THE PROBLEM — Everything before the line containing "this 1650×1100 image." stays out; print that line and all lines below it through the last, exactly.

RECORDS —
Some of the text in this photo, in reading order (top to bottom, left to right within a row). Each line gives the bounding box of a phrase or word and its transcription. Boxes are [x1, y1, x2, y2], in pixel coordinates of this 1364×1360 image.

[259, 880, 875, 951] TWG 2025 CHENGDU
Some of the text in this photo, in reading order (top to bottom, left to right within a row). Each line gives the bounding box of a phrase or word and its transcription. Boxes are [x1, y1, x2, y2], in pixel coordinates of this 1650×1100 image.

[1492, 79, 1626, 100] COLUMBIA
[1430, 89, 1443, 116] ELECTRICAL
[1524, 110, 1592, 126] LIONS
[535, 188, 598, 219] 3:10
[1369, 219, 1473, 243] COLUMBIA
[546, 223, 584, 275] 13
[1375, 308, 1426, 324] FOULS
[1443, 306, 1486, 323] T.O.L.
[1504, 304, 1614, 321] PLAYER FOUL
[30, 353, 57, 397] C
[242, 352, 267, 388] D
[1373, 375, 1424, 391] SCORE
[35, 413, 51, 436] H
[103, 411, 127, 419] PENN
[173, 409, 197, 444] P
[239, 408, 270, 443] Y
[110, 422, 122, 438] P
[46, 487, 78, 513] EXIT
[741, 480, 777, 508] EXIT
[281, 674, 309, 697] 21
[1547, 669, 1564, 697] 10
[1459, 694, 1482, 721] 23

RESPONSE TO THIS EXERCISE —
Some of the text in this photo, in reading order (top to bottom, left to right within a row). Each line gives the bounding box of a phrase or word and its transcription. Boxes are [x1, y1, x2, y2], in pixel coordinates of this 1650×1100 image.

[1492, 79, 1626, 100] COLUMBIA
[1430, 89, 1443, 116] ELECTRICAL
[1524, 110, 1592, 126] LIONS
[535, 188, 598, 219] 3:10
[1369, 219, 1473, 243] COLUMBIA
[546, 223, 584, 275] 13
[1375, 308, 1426, 324] FOULS
[1443, 306, 1486, 323] T.O.L.
[1504, 304, 1614, 321] PLAYER FOUL
[30, 353, 57, 397] C
[242, 352, 267, 388] D
[1373, 375, 1424, 391] SCORE
[35, 413, 51, 436] H
[103, 411, 127, 419] PENN
[173, 409, 197, 444] P
[239, 408, 270, 443] Y
[110, 422, 122, 438] P
[46, 487, 78, 513] EXIT
[741, 480, 777, 508] EXIT
[281, 674, 309, 697] 21
[1547, 669, 1564, 697] 10
[1459, 694, 1482, 721] 23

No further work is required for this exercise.